Öfkeyle bir kez daha kükrerken bir namevtin kafatasını pençesiyle parçalara ayırdı. Öfkeyle yok ederken bir kez daha sıçradı ve başka bir yere indi. İndiği yerdeyse dört kollu insana benzer bir namevt ona saldırdı. Ellerindeki kılıçları kullanarak yaptığı darbeleri kolaylıkla atlattı ve onun ikişer kollarını tutup hızla çekip koparttı. Sonraysa cesedinin üstüne ön pençesini koyup, arka pençesiyle arkasından saldırmaya çalışan devasa bir keçiye benzeyen, bir kafası olan namevti diğerleriyle birlikte uçurdu.


Üstüne çullanmasınlar diye bir kez daha havaya sıçrarken derince nefesler alıp alıp veriyordu.


‘Hala güneş çıkmadı mı?’


‘Yarım saat. Sadece yarım saat daha dayandığın sürece güneş çıkacak.’


Damon’dan cevabını aldıktan sonra biraz daha soluklandı. Ardından bir kez daha namevtlerin yoğun olduğu bir yere dalış yaptı.


İnişiyle birlikte elli namevti tamamıyla yok edebildi. Fakat gelmeye devam ediyorlardı ve bu şekilde devam ederse daha fazla dayanamazdı.


Namevtlerin hepsini tamamıyla yok edemiyordu. Bazıları gözden kaçıyordu. Bu kaçanlarda kalkıp tekrar saldırıyorlardı.


Bu yüzden Satou çok riskli bir karar verdi. Ejder manasıyla alev topunu elinde oluşturdu.


‘Toprak elementiyle deneyimim çok az ama… Yapmak zorundayım!’


Sonraysa hızla yere geçirdi. O sırada tabii ona saldırmaya çalışan namevtleri de kuyruğu ve arka pençeleriyle geriye fırlattı.


Yere geçirmesiyle birlikte manasını toprağa yaydı ve topraktan magma fışkırdı!

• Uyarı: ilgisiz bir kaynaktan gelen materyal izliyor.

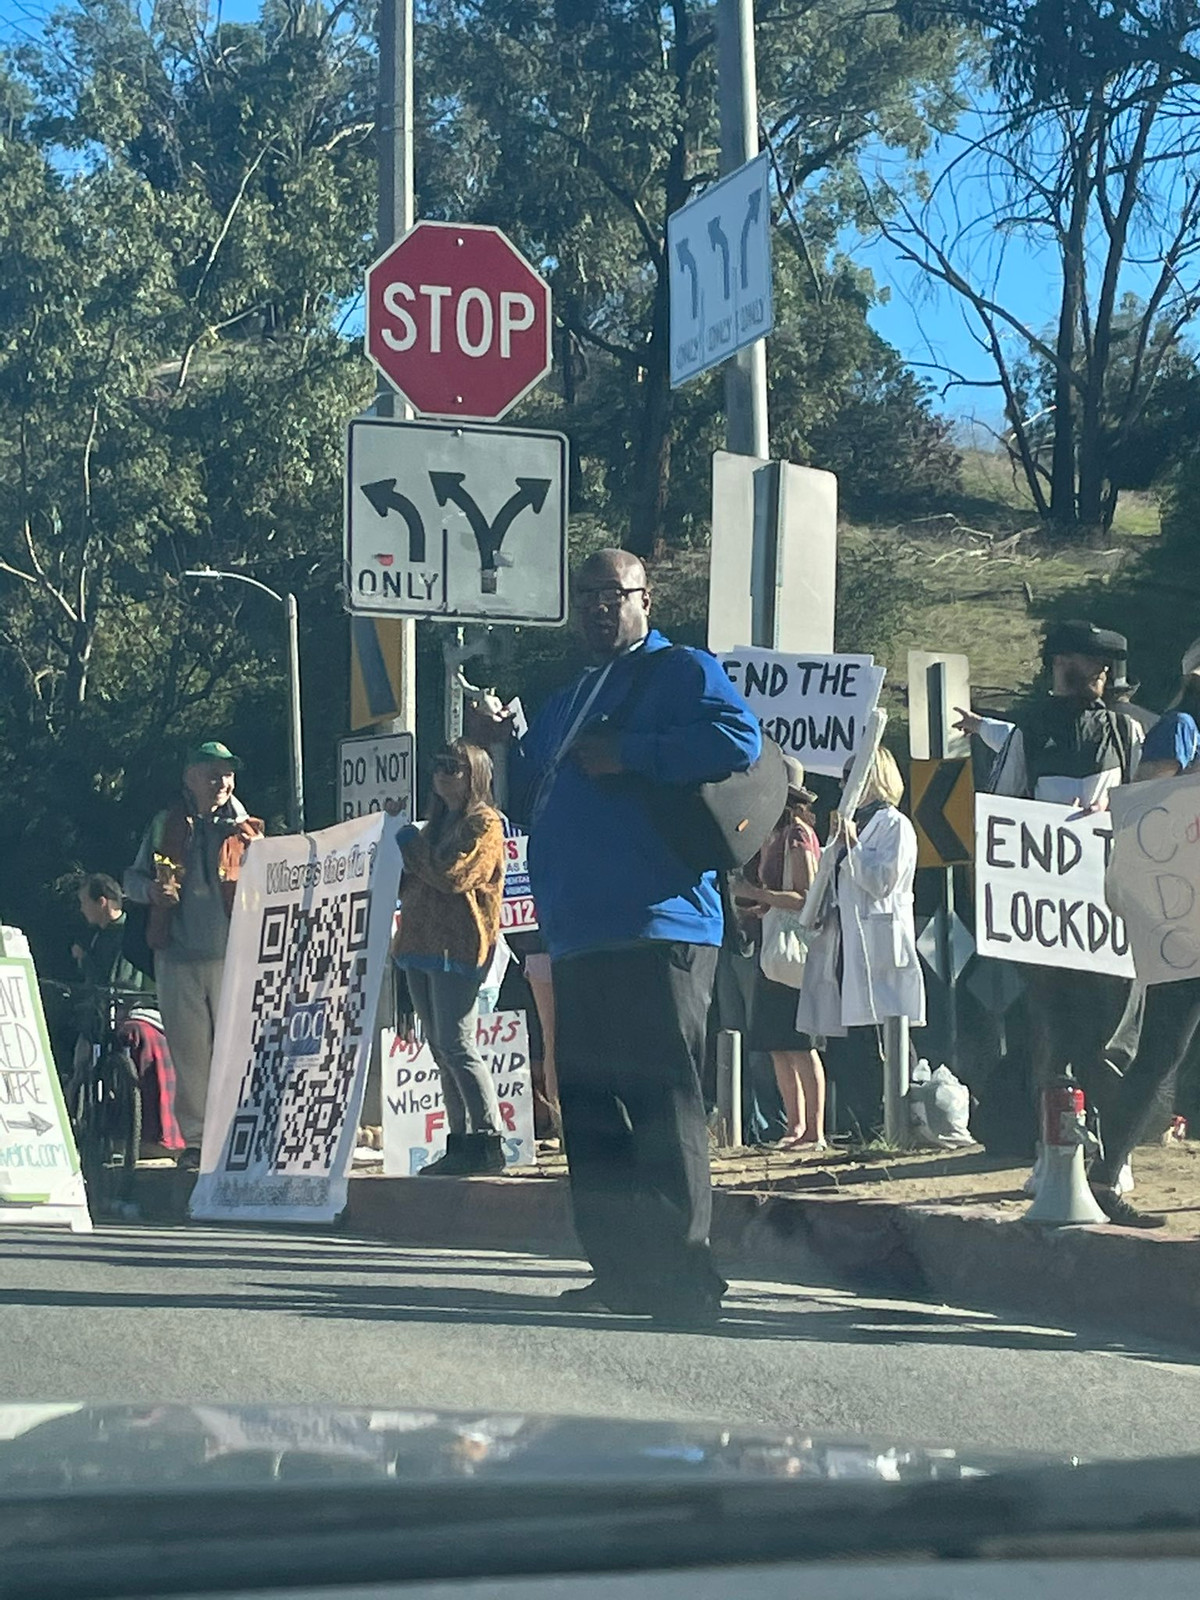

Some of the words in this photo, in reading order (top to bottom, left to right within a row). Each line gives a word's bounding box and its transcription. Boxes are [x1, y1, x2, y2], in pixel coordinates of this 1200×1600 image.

[381, 281, 535, 359] STOP
[358, 568, 440, 600] ONLY
[797, 661, 861, 697] THE
[343, 757, 367, 788] DO
[376, 751, 410, 785] NOT
[986, 815, 1083, 876] END
[500, 900, 536, 927] 012
[984, 882, 1129, 957] LOCKDO
[479, 1052, 526, 1075] ND
[387, 1089, 444, 1115] Wher
[497, 1082, 525, 1098] UR

“Hah… Başardım… Yorgunum...”


Magmanın fışkırışıyla birlikte binlerce namevt yanmaya başladı. Satou da fırsattan istifade edip biraz dinlenmek için geriye sıçradı.

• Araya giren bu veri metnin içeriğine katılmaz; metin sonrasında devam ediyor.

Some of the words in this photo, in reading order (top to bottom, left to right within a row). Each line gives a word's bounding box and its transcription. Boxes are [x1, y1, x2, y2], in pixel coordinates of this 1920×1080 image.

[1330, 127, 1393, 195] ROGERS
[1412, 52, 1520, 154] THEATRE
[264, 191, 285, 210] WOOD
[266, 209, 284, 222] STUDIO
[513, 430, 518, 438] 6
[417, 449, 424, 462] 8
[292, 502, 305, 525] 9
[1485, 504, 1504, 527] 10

Namevtlerin bir kısmını bu yanmayla birlikte yavaşlatsa da tamamıyla yok edemezdi. Bu namevtler diğer namevtlerden katlarca güçlüydü. Güç ve dayanıklılık olarak her biri akademide çağırdığı patron seviye iskeleti fersah fersah aşıyordu.


Mana rezerviyse önceki hareketleri nedeniyle çok azdı. Bitmeye yakındı. Ona doğru koşan namevtlere bakarken ilk kez sonun yaklaştığını hissetti. Fakat sonuna kadar savaştığı ve savaşmaya da devam edeceği için pişman değildi.


Gözleri delilikle parladı. Tam ölümüne dalacakken duyduğu çığlıklarla duraksadı.


“ALEV TANRISININ ADIYLA ÇEVRİLİ ALANDAKİ HERKES YANACAK! ALEV TANRISININ ÖFKESİ FORMASYONU UYAN!”


“Satou hemen geri çık!”


Biri soğuk ama endişeliyken diğeri tamamıyla haşin bir öfke dolu bir sesti. Bu sesleri tanıyan Satou hızla geriye doğru çekilirken yüzünde yorgun bir gülümseme vardı.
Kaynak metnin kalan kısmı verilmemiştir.